Politique. Un parti anticapitaliste en gestation

À l’appel de la Ligue communiste révolutionnaire (LCR), une quarantaine de personnes se sont retrouvées, jeudi soir, à la cité Allende, pour poser les bases d’un futur parti anticapitaliste.

« Il y a un espace à gauche de la gauche », estime Stéphanie Chauvin, membre de la LCR et candidate aux législatives 2007, qui animait la réunion, jeudi soir. « Ici, il ne s’agit pas d’un appel aux appareils, aux partis, aux mouvements. Nous voulons que ce parti naisse de la base. Les bons scores d’Olivier Besancenot (Présidentielle, législatives et récemment municipales) montrent que, dans ce pays, il y a une réelle attente politique », explique-t-elle. « Retraite, franchises médicales, droits du travail. Autour de ces thèmes et bien d’autres, nous devons regrouper la gauche de la gauche, celle qui ne se résigne pas. Un mouvement qui doit partir des villes, des quartiers, des lycées. Le NPA (Nouveau parti anticapitaliste) se devra de fédérer la gauche altermondialiste, les collectifs anti-libéraux, le monde associatif, syndicaliste.
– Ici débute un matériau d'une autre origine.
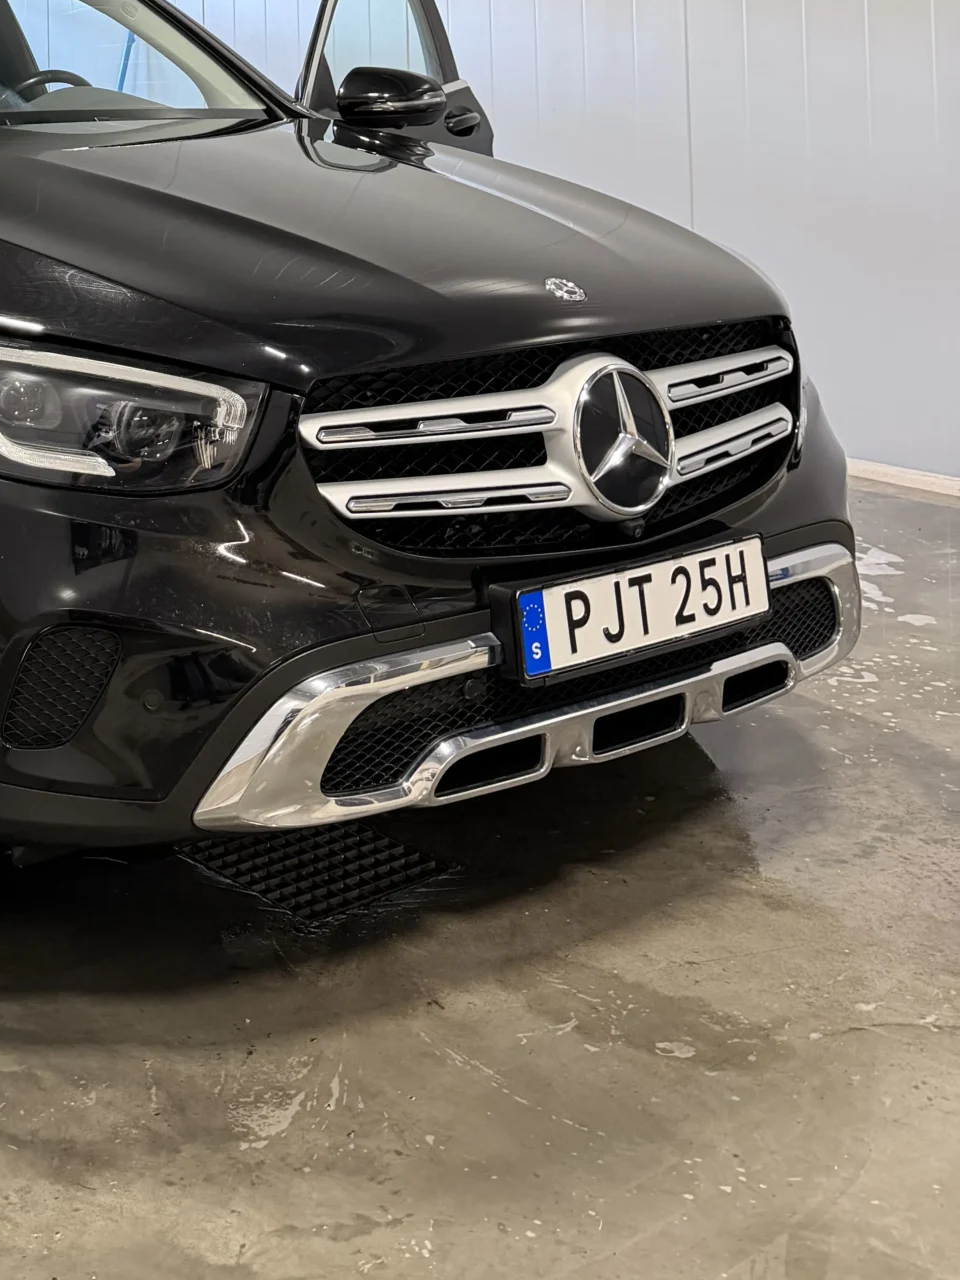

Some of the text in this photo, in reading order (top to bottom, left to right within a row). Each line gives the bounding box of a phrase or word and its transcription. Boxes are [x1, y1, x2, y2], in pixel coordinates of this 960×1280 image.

Autour d’un vrai projet de gauche et un refus du compromis ou d’alliance avec le PS. Ce soir, nous ne sommes pas tous issus de la LCR », ajoutait la candidate aux dernières législatives.

Naissance fin 2008

Laëtitia, qui se dit « sans étiquette », est prête à s’engager : « Dans un grand parti qui respecterait la démocratie, celle de sa base et de ses militants, autour d’un discours clair et sans concession et qui colle aux vraies aspirations de la gauche ». Dans l’attente de la création de ce parti, qui pourrait voir le jour à la fin de l’année, le travail se fait dans les villes, auprès des futurs militants.